Argument of Fact
Challenge a Lifestyle
How to set up an argument
Challenge a Belief or Lifestyle
When constructing an argument of fact, you have 4 different arguments from which to choose.
Challenging a belief or lifestyle centers around what we hold as true in society.
Do not choose something we cannot argue, something that is beyond a question true: the earth is round; the sun rises in the east and sets in the west; everyone will physically die; cigarettes are hazardous to one’s health.
Think of a topic you are familiar with and are interested in researching.
You may begin your research with a set claim (belief) and change your belief after your research. That is normal.
Garner as many RELIABLE PRIMARY sources as possible. (Wikipedia is a SECONDARY source and not acceptable.)

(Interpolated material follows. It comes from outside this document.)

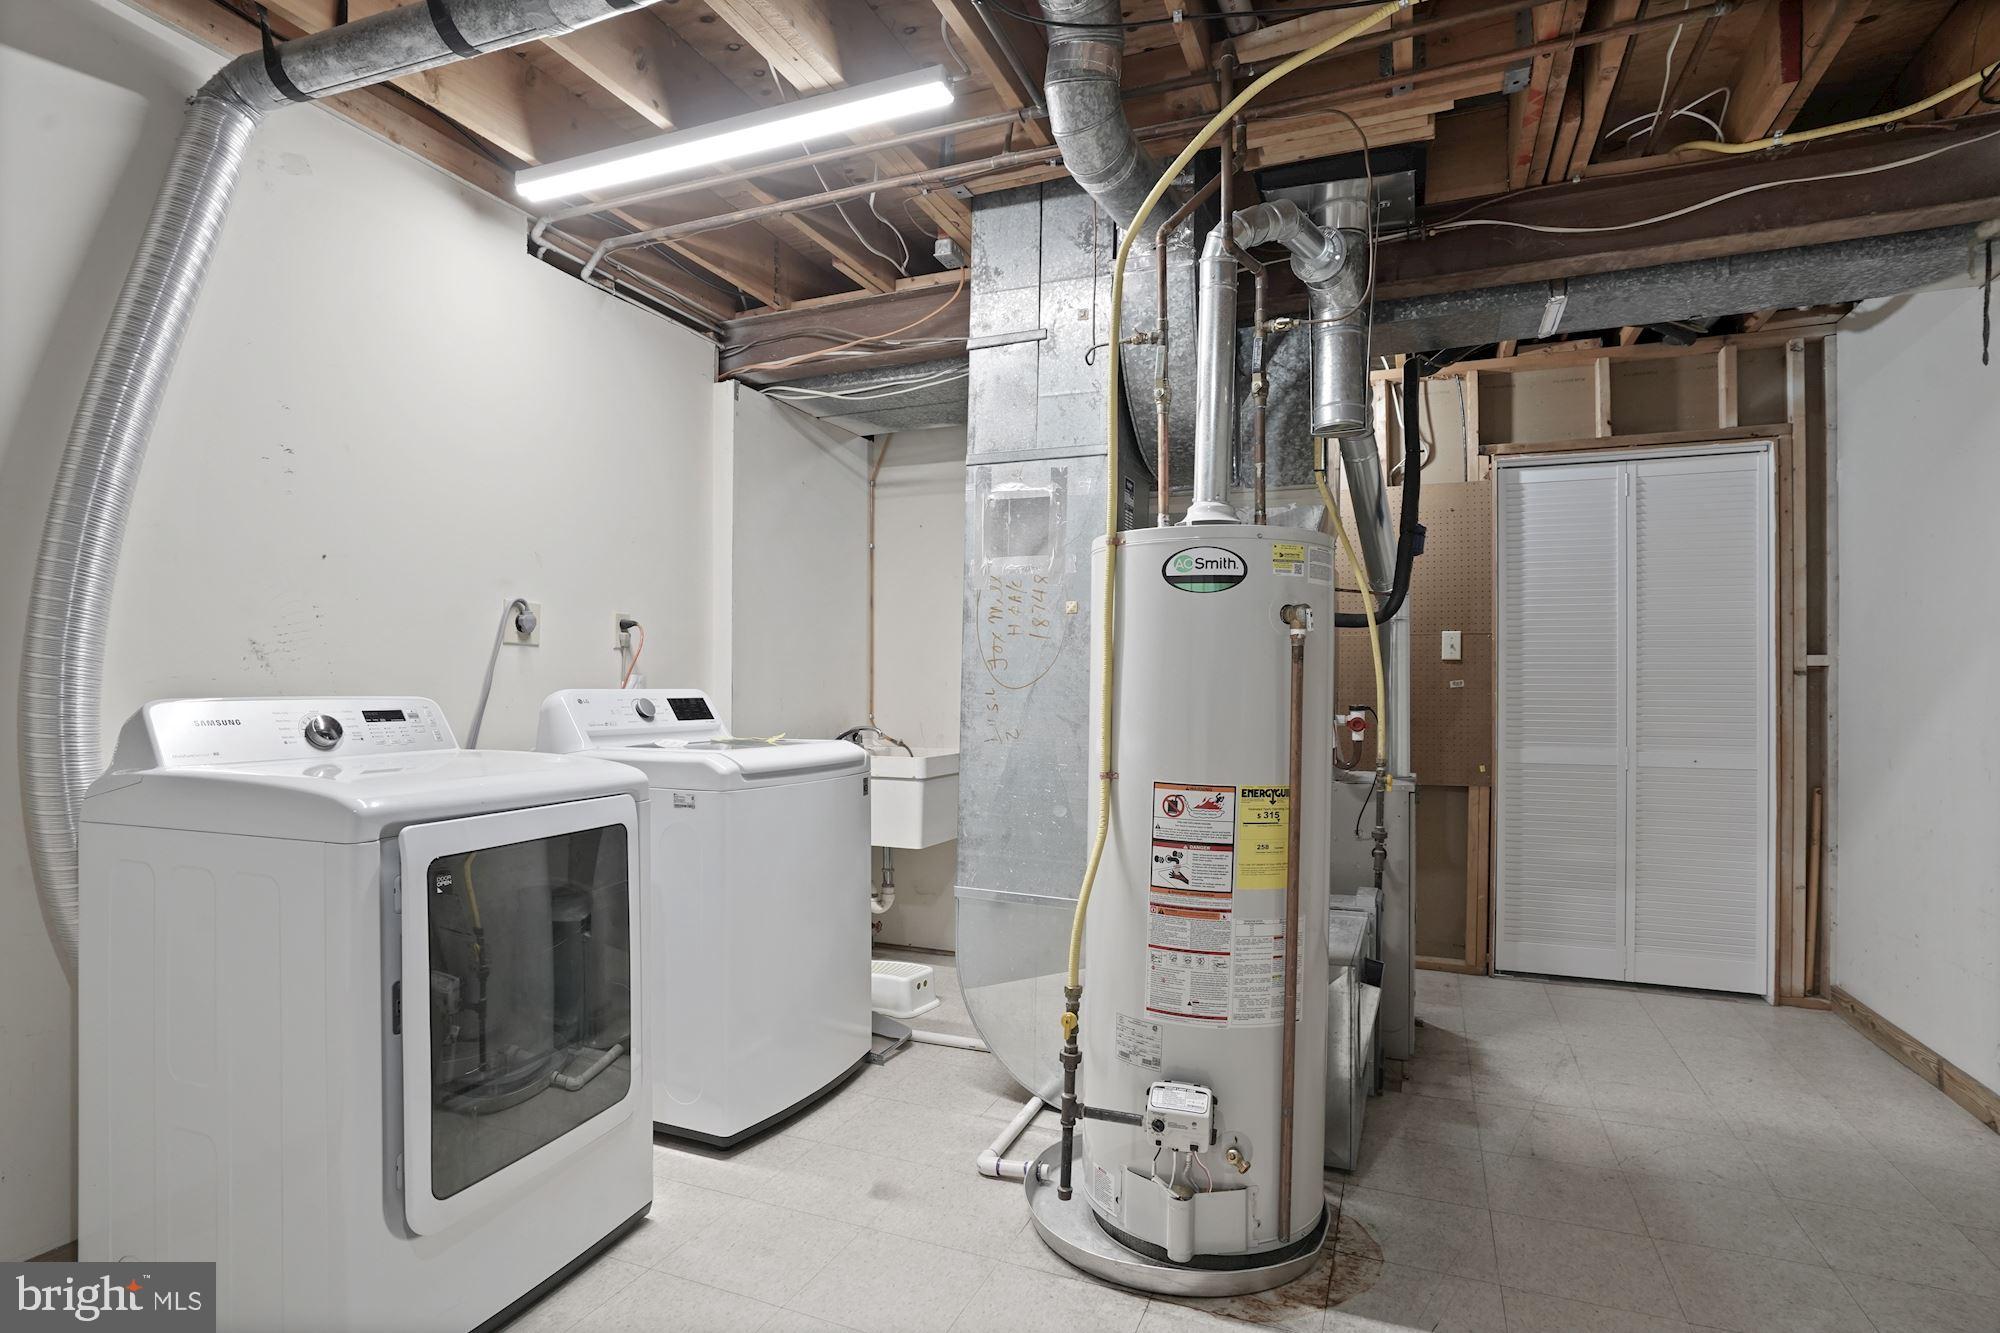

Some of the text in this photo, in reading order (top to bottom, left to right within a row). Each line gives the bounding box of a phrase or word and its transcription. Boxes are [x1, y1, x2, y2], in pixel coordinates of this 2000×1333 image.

You need to add your own information and experiences to the argument.
Do not solely rely on sources: you need to make a connection with the audience through your own voice and experiences. Sources are used to support, not be the focus of your essay.
Your sources are there to buttress your argument and your claim.
Your experiences and voice on the matter are just as important as an expert you cite.
I thought of this argument when Dan and I were running.
We have a health check for his insurance every March. If certain parts of our health check are not to their specifications, we will have to pay more for our insurance.
Not all arguments are the “hot topics”: most arguments are beliefs you hold in high regard.
They can be spurred by a single incident as mine.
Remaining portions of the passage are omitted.